▶ _To do_
Set the records down again in full, exactly as they are, apart from the images.
** Opening Provided material block **
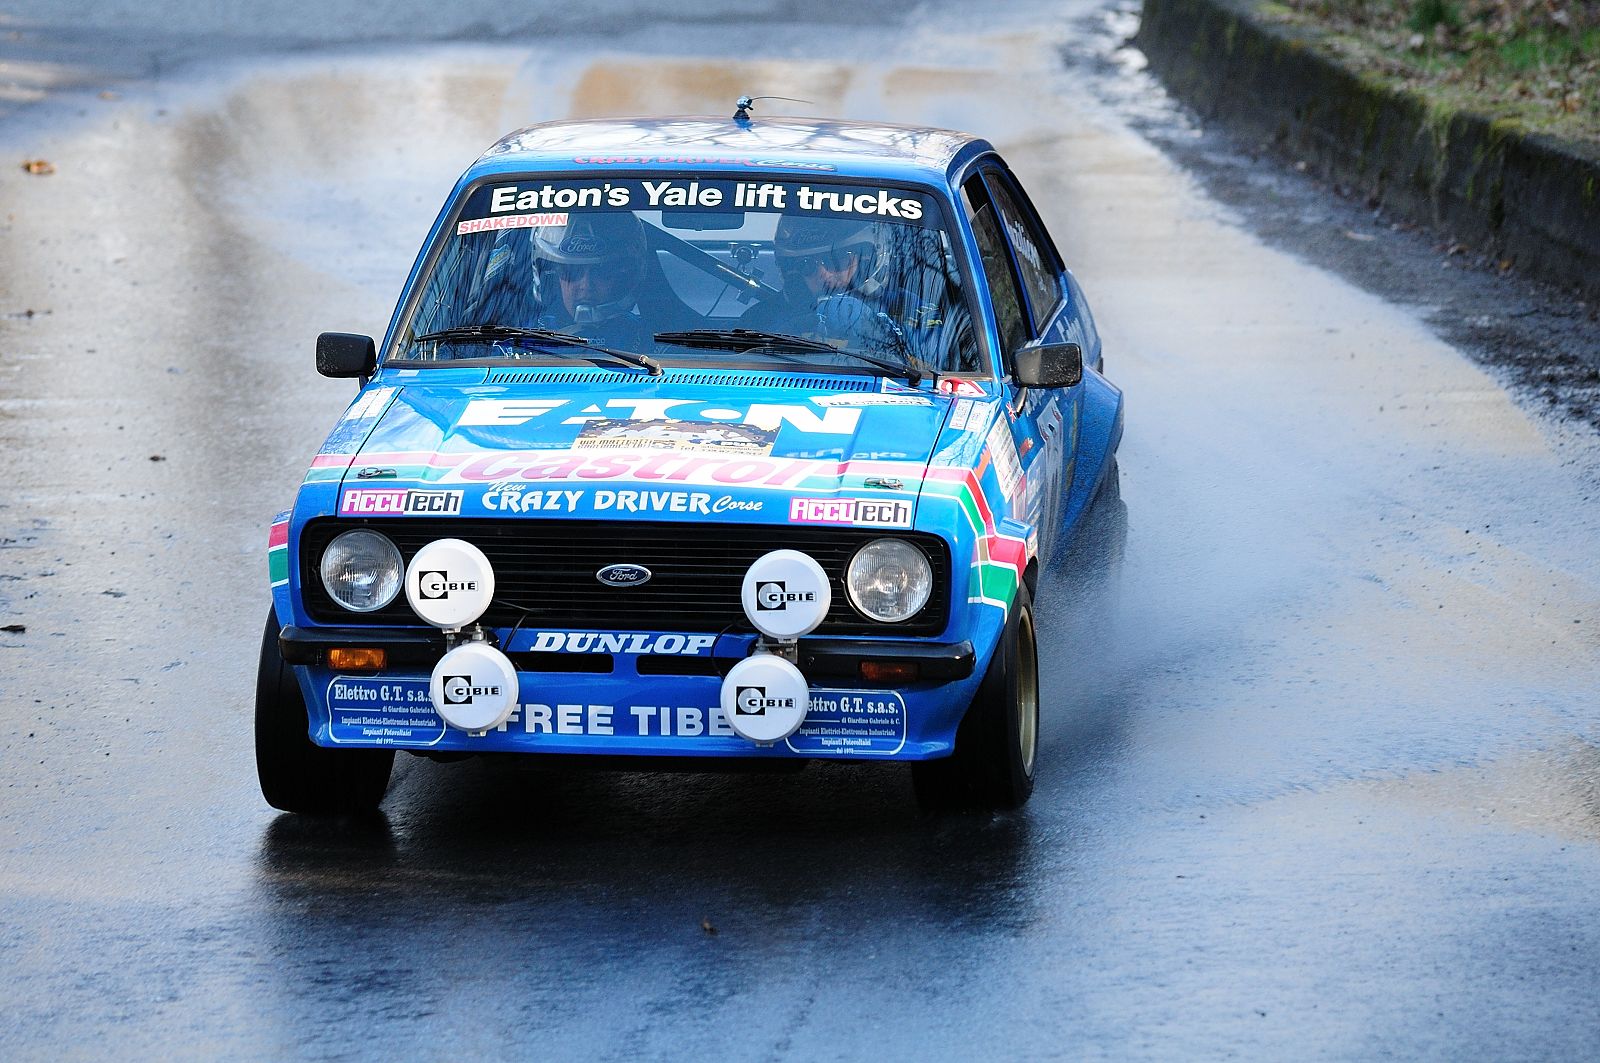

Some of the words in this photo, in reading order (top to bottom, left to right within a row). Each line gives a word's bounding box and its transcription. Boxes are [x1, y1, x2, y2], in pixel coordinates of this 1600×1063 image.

[490, 183, 630, 213] Eaton's
[641, 181, 723, 207] Yale
[734, 182, 787, 208] lift
[796, 186, 923, 220] trucks
[459, 214, 568, 235] SHAKEDOWN
[455, 398, 864, 435] EATON
[459, 453, 813, 486] Castrol
[487, 480, 528, 493] New
[481, 489, 585, 514] CRAZY
[593, 490, 712, 516] DRIVER
[711, 494, 765, 514] Corse
[609, 567, 639, 582] Ford
[529, 631, 717, 655] DUNLOP
[334, 684, 378, 701] Elettro
[380, 685, 404, 702] G.T.
[807, 696, 838, 713] ettro
[840, 697, 864, 714] G.T.
[867, 700, 899, 714] s.a.s.
[497, 703, 615, 736] FREE
[630, 705, 736, 737] TIBE
** Closing Provided material block **
▶ _Solution for this exercise_
Some of the words in this photo, in reading order (top to bottom, left to right within a row). Each line gives a word's bounding box and its transcription. Boxes are [x1, y1, x2, y2], in pixel coordinates of this 1600×1063 image.

[490, 183, 630, 213] Eaton's
[641, 181, 723, 207] Yale
[734, 182, 787, 208] lift
[796, 186, 923, 220] trucks
[459, 214, 568, 235] SHAKEDOWN
[455, 398, 864, 435] EATON
[459, 453, 813, 486] Castrol
[487, 480, 528, 493] New
[481, 489, 585, 514] CRAZY
[593, 490, 712, 516] DRIVER
[711, 494, 765, 514] Corse
[609, 567, 639, 582] Ford
[529, 631, 717, 655] DUNLOP
[334, 684, 378, 701] Elettro
[380, 685, 404, 702] G.T.
[807, 696, 838, 713] ettro
[840, 697, 864, 714] G.T.
[867, 700, 899, 714] s.a.s.
[497, 703, 615, 736] FREE
[630, 705, 736, 737] TIBE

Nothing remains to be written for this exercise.